Top of MATERIAL FOR THIS TASK
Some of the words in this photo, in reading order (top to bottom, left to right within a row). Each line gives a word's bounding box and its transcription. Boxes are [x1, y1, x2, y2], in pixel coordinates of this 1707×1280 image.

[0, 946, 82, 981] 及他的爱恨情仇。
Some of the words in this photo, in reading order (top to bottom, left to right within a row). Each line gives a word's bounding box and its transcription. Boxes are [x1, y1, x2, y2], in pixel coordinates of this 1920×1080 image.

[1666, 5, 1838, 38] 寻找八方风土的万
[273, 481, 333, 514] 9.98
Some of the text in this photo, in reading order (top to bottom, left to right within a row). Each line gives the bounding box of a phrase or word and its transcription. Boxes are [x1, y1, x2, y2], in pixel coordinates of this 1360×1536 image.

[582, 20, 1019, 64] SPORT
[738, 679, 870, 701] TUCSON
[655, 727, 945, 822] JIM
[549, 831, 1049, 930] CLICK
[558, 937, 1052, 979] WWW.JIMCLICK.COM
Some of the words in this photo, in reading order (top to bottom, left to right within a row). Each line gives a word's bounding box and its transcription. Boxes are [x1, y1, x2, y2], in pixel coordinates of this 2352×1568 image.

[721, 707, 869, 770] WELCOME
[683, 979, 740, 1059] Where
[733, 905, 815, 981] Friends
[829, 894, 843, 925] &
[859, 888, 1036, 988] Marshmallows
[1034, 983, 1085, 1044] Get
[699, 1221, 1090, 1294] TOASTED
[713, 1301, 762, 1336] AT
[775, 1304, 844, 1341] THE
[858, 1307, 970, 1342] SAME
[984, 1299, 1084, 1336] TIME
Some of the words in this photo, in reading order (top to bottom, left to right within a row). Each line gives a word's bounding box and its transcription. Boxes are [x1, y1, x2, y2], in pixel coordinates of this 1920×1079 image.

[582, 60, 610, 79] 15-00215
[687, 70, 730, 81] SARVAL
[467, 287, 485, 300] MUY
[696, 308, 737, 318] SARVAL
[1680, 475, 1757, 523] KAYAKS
Bottom of MATERIAL FOR THIS TASK
PROBLEM STATEMENT: The complete set of entries above must be reproduced verbatim.

RESULT OF THE EXERCISE:
Some of the words in this photo, in reading order (top to bottom, left to right within a row). Each line gives a word's bounding box and its transcription. Boxes are [x1, y1, x2, y2], in pixel coordinates of this 1707×1280 image.

[0, 946, 82, 981] 及他的爱恨情仇。
Some of the words in this photo, in reading order (top to bottom, left to right within a row). Each line gives a word's bounding box and its transcription. Boxes are [x1, y1, x2, y2], in pixel coordinates of this 1920×1080 image.

[1666, 5, 1838, 38] 寻找八方风土的万
[273, 481, 333, 514] 9.98
Some of the text in this photo, in reading order (top to bottom, left to right within a row). Each line gives the bounding box of a phrase or word and its transcription. Boxes are [x1, y1, x2, y2], in pixel coordinates of this 1360×1536 image.

[582, 20, 1019, 64] SPORT
[738, 679, 870, 701] TUCSON
[655, 727, 945, 822] JIM
[549, 831, 1049, 930] CLICK
[558, 937, 1052, 979] WWW.JIMCLICK.COM
Some of the words in this photo, in reading order (top to bottom, left to right within a row). Each line gives a word's bounding box and its transcription. Boxes are [x1, y1, x2, y2], in pixel coordinates of this 2352×1568 image.

[721, 707, 869, 770] WELCOME
[683, 979, 740, 1059] Where
[733, 905, 815, 981] Friends
[829, 894, 843, 925] &
[859, 888, 1036, 988] Marshmallows
[1034, 983, 1085, 1044] Get
[699, 1221, 1090, 1294] TOASTED
[713, 1301, 762, 1336] AT
[775, 1304, 844, 1341] THE
[858, 1307, 970, 1342] SAME
[984, 1299, 1084, 1336] TIME
Some of the words in this photo, in reading order (top to bottom, left to right within a row). Each line gives a word's bounding box and its transcription. Boxes are [x1, y1, x2, y2], in pixel coordinates of this 1920×1079 image.

[582, 60, 610, 79] 15-00215
[687, 70, 730, 81] SARVAL
[467, 287, 485, 300] MUY
[696, 308, 737, 318] SARVAL
[1680, 475, 1757, 523] KAYAKS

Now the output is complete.